Problem requirements = Please reproduce the entries below exactly, omitting any images they contain.

[Image-backed grounding data]
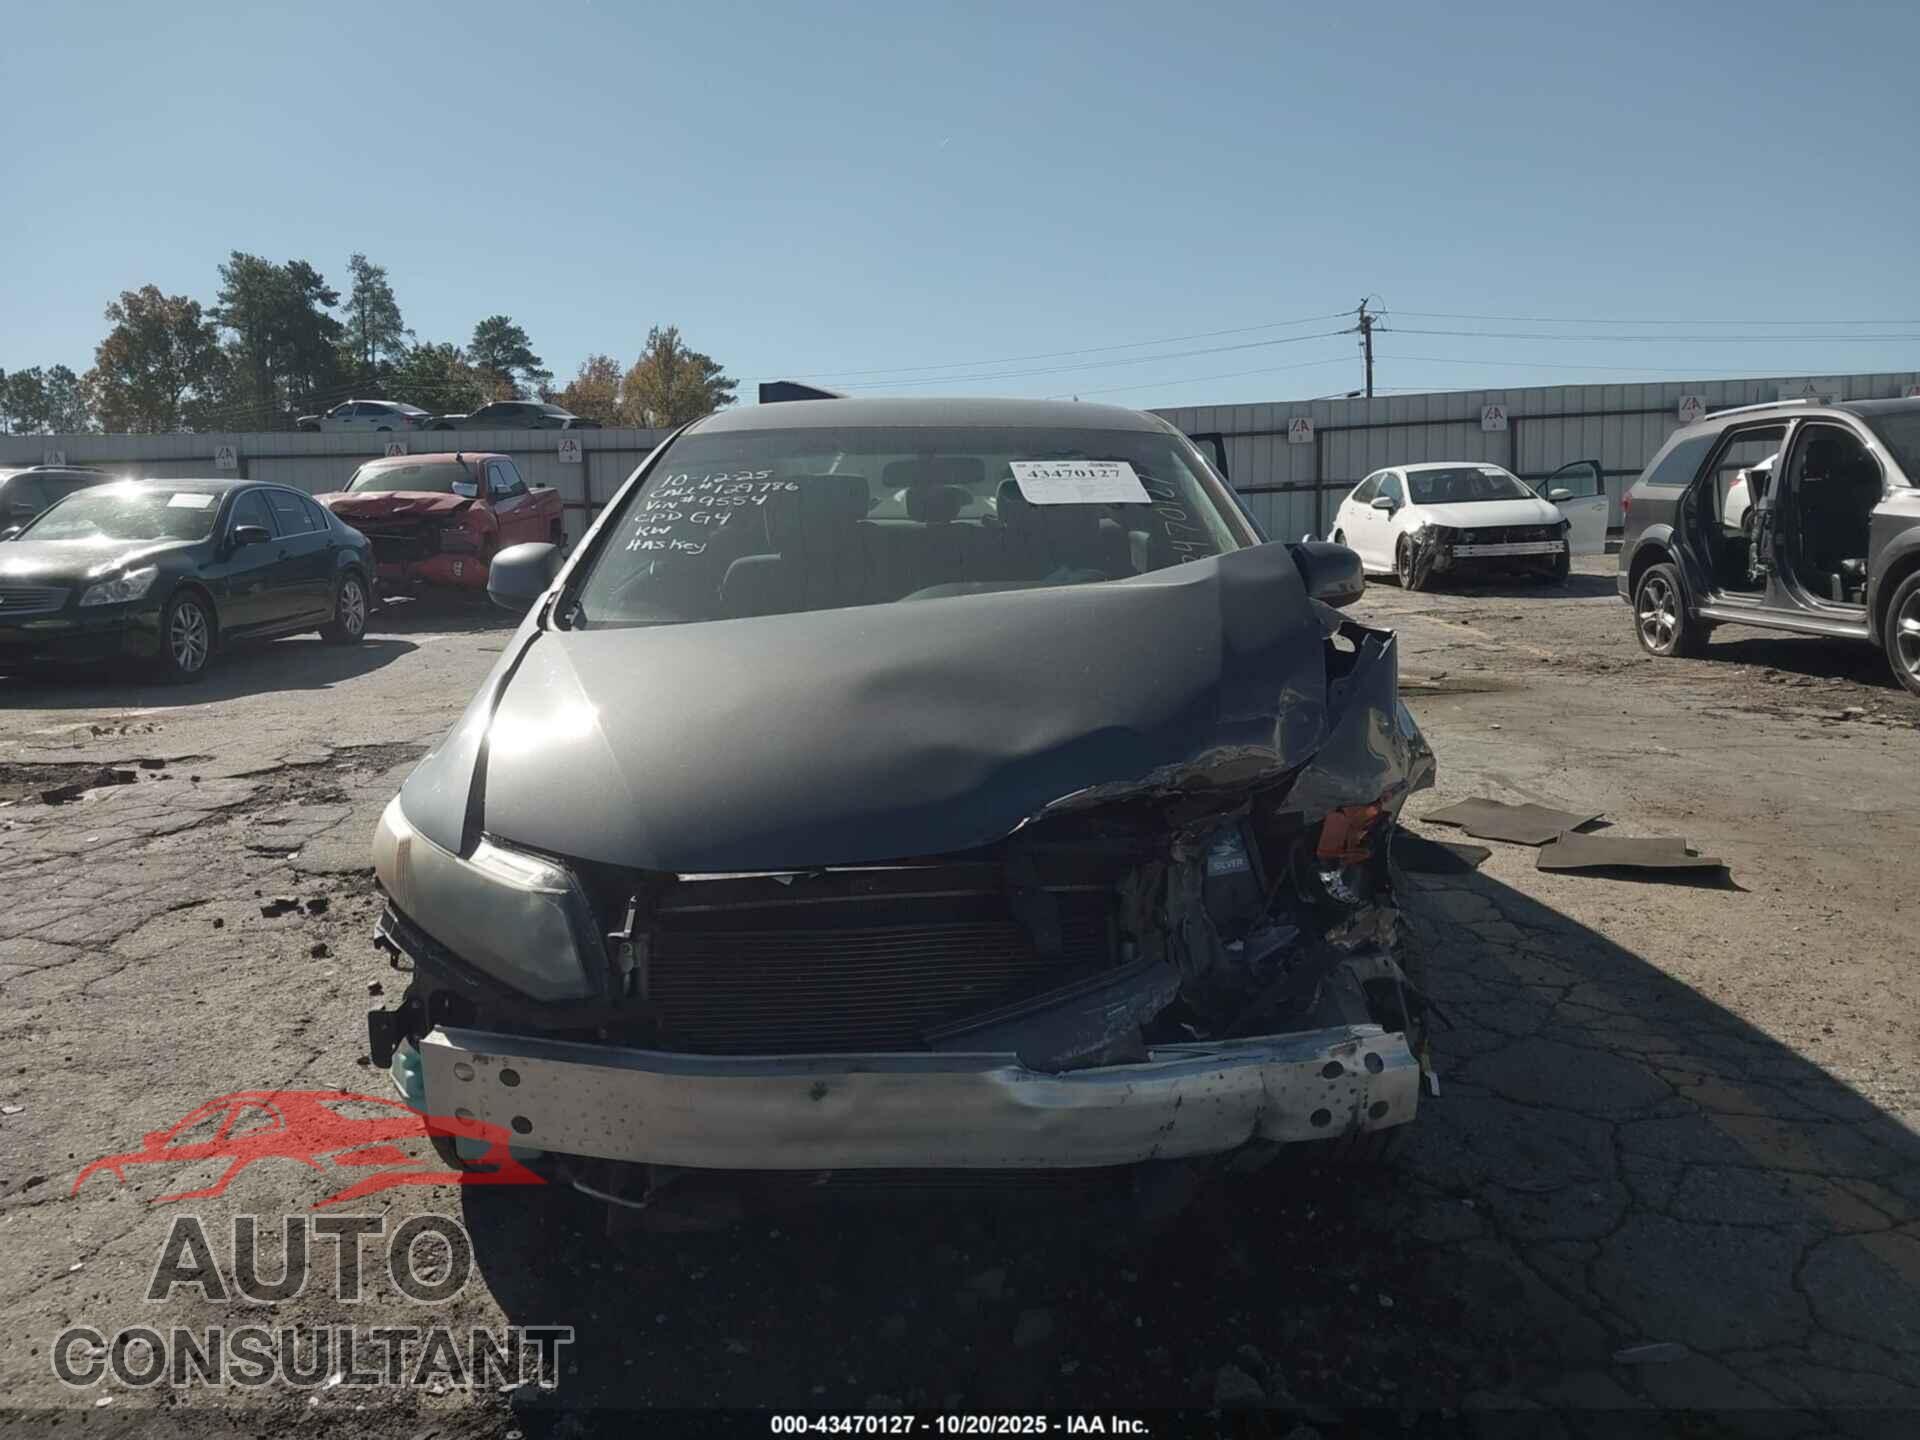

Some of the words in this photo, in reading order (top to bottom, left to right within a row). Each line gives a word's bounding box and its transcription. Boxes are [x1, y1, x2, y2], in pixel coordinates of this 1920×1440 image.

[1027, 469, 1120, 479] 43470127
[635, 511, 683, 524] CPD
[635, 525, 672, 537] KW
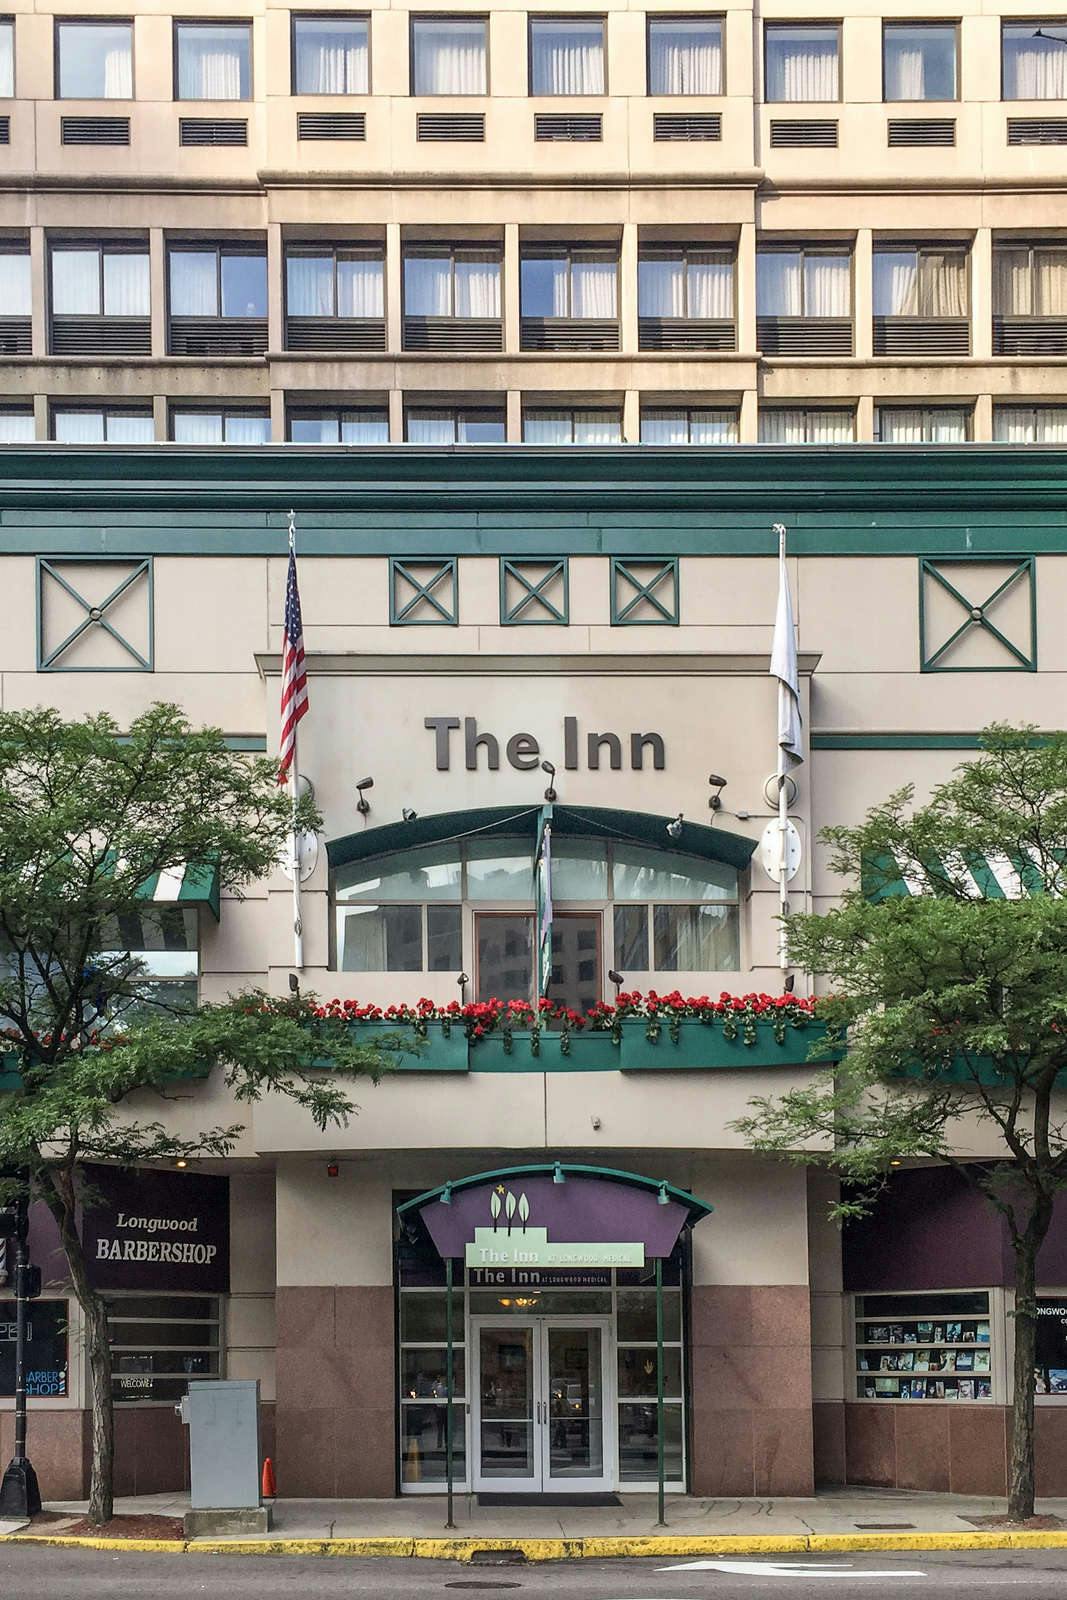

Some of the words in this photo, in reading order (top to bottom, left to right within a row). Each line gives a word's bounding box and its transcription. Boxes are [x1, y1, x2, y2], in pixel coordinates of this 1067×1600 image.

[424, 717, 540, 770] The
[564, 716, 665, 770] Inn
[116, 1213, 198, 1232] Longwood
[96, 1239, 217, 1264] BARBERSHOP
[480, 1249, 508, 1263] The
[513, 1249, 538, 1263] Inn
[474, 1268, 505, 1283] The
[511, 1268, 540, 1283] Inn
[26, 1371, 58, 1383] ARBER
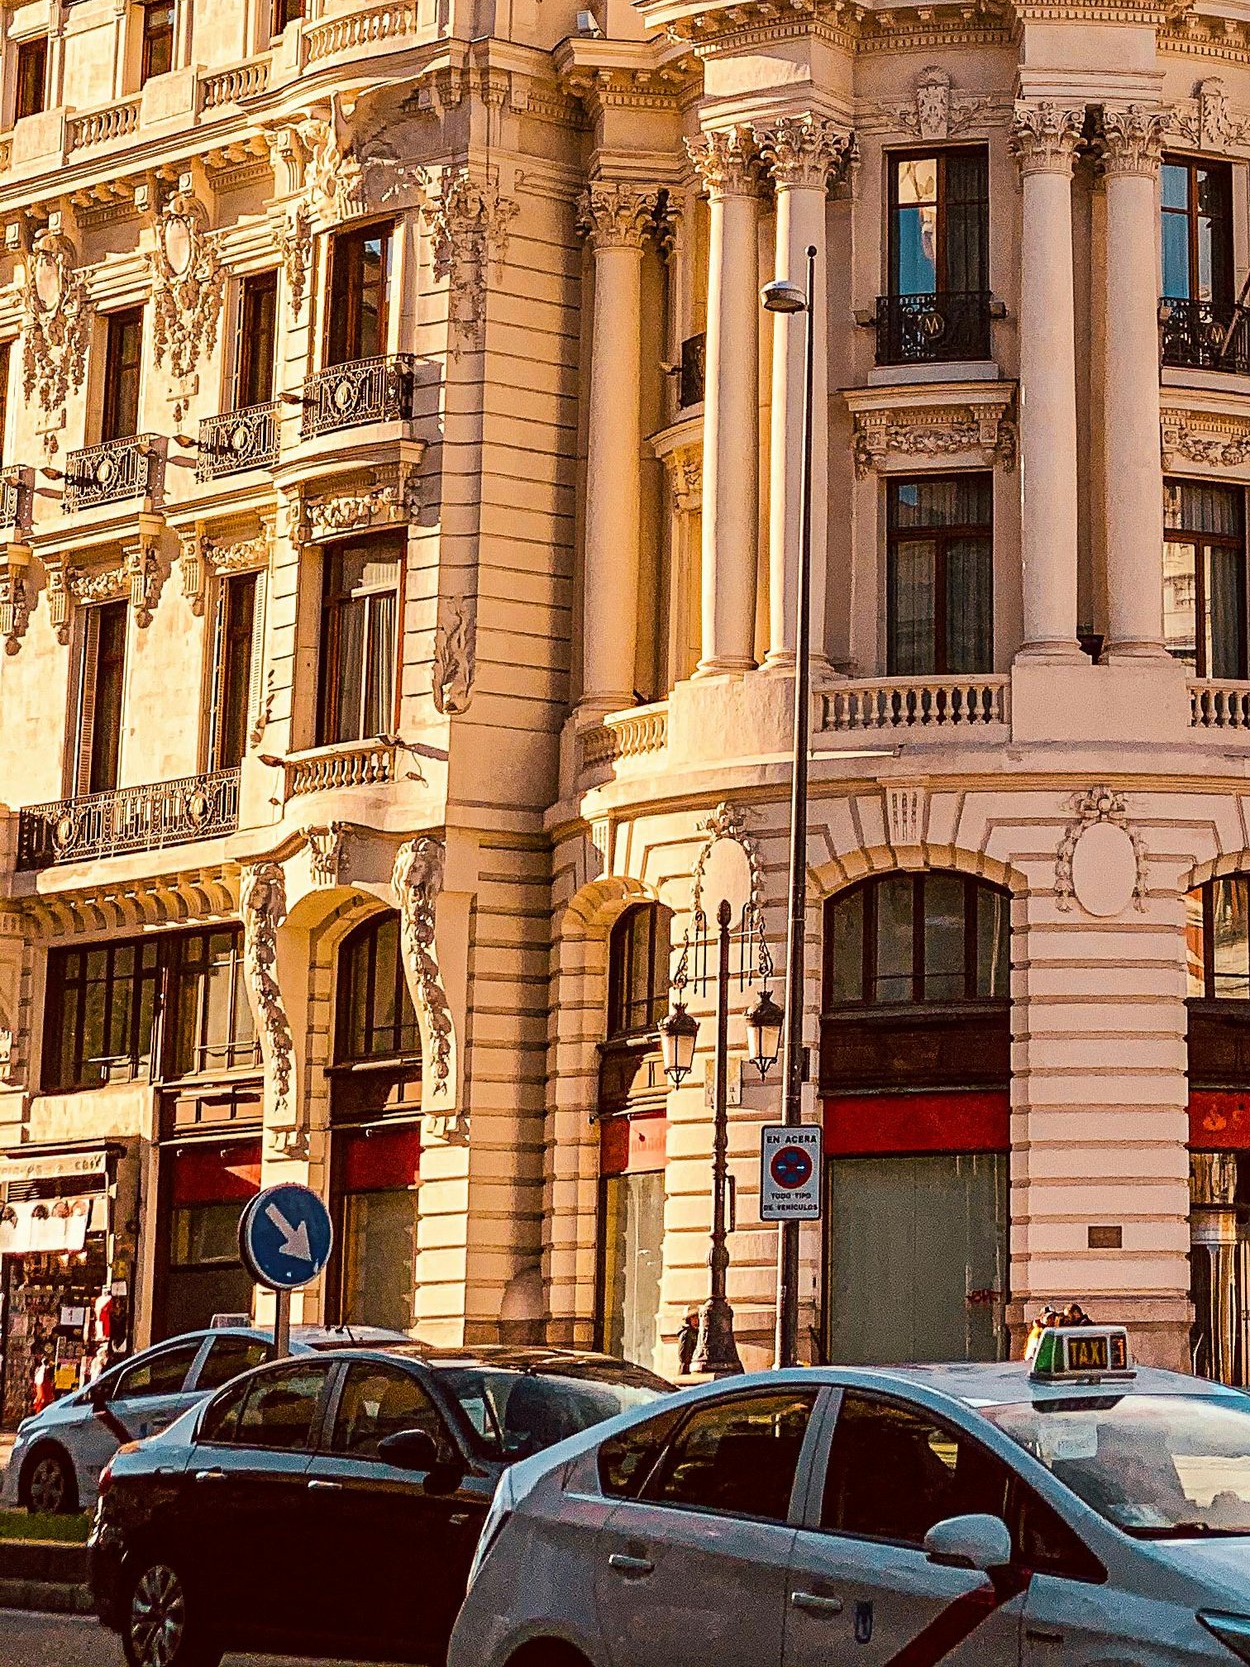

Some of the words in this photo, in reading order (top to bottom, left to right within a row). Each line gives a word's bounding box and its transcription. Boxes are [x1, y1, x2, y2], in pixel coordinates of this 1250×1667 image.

Answer space =
Some of the words in this photo, in reading order (top to bottom, left to right within a row). Each line gives a word's bounding box and its transcription. Boxes are [x1, y1, x2, y2], in pixel coordinates of this 1920×1440 image.

[1027, 469, 1120, 479] 43470127
[635, 511, 683, 524] CPD
[635, 525, 672, 537] KW

Some of the words in this photo, in reading order (top to bottom, left to right within a row). Each line gives a word's bounding box and its transcription. Boxes are [x1, y1, x2, y2], in pixel coordinates of this 1067×1600 image.

[424, 717, 540, 770] The
[564, 716, 665, 770] Inn
[116, 1213, 198, 1232] Longwood
[96, 1239, 217, 1264] BARBERSHOP
[480, 1249, 508, 1263] The
[513, 1249, 538, 1263] Inn
[474, 1268, 505, 1283] The
[511, 1268, 540, 1283] Inn
[26, 1371, 58, 1383] ARBER

Some of the words in this photo, in reading order (top to bottom, left to right within a row). Each line gives a word's bounding box and its transcription. Boxes are [x1, y1, x2, y2], in pixel coordinates of this 1250×1667 image.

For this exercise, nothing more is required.